"Instinct" a very vague term in common usage so I would like to avoid it, except when talking technically. In common usage the term "instinct" is merely a place-holder or black-box for something else.
Chris Doss wrote:"animals do have concepts and reason. I think Jerry (OMG, I'm coming to the defense of an anti-Heideggerian, will wonders never cease?!?) is referring to the neurological basis for human thought and the structure of the brain, which is not a lot different from that of the gibbon."
Yes, Chris Doss got it exactly right, and I want to thank him. (By the by, this is for Chris, nobody can have read as much Heidegger as I have and be anti-Heidegger. I just play an anti-Heideggerian on lbo-talk. But neither am I pro-Heidegger. What I really am is for treating Heidegger in the same category as say, Schopenhauer -- an interesting philosopher that we should enjoy, and sometimes use for inspiration -- poetic, literary, philosophical -- but really had a quite nutty world-view. In the fact that he a quite nutty world view, he is like most interesting philosophers. In other words Heidegger should be treated as no more than a philosopher and not as a movement.)
Yes, I mean mental structures, including the power to reason. Chimps reason. That's what we should conclude from most of the studies in the las 20 years on primates of all kind. What ever "concepts" are they are probably implicit in our brains, and pre-exist language. The mental structures worth thinking about? What does that mean? Does it mean the ability to reason and make coalitions? Read de Waal's "Chimpanzee Politics". Does it mean the ability to enumerate? Read Marc Hauser's "Wild Minds".
But when I said "mental structures" I also meant "mental structures" I meant basic ones such as vision; but all the capacity for empathy and the ability to understand the trade offs of helpfulness, cooperation, competition. All of these capacities are exhibited by our closest relatives the bonobos and the chimpanzees; and were more than likely capacities of our evolutionary ancestors.
"I used to use these Marx-mots and dialectical cliches as a rule of thumb
> all the time.But I think that in the "human-centrism" of such statements
> they display a world view that is pre-evolutionary and thus in a deep
> sense
> anti-materialistic."
>
> How very wise you were, but less so now, I think. To not be human-centric,
>
> that would be a human delusion, surely. Imagine a trilobyte that was not
> trilobyte-centric. To be human-centric properly, though, is not to be
> pre-evolutionary, but post-evolutionary. The laws of evolution were
> superceded once man began to consciously shape his environment.
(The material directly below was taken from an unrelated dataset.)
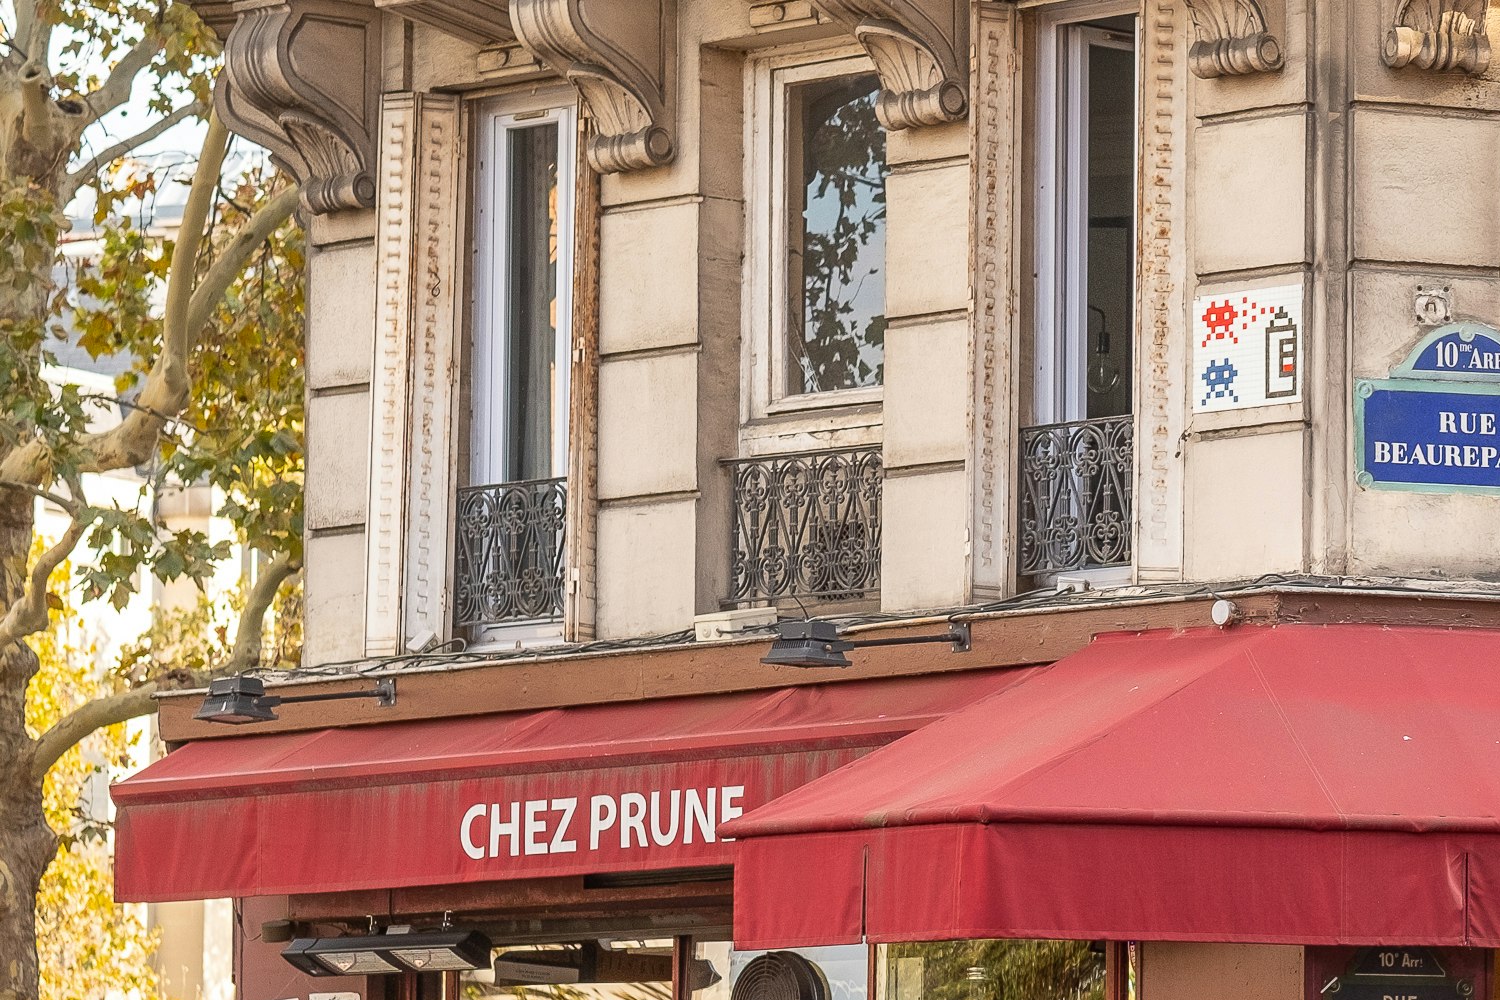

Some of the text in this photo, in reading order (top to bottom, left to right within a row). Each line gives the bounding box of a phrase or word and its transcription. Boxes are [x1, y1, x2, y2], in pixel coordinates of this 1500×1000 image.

All species shape their environment, creating niches, that in turn shape them. If that is a dialectical statement then so be it. Some species shape their environment with more or less consciousness. We are at times more conscious about the way we shape our environment.
Pointedly,
> human evolution ceased at just that point - overtaken by human industry.
Human evolution ceased? You should study these matters because they are interesting. Everybody who can drink cow's milk is a proof that human evolution did not cease with human industry. Everybody who is resistant to malaria because of sickle cell is proof that human evolution did not cease with human industry.
And one more thing. I want to thank Chris for not taking the opportunity to make fun of me about my obsession with bees and ants and swarming insects. But the future will tell... Maybe the bug that has crawled into his dark place is entomologically interesting?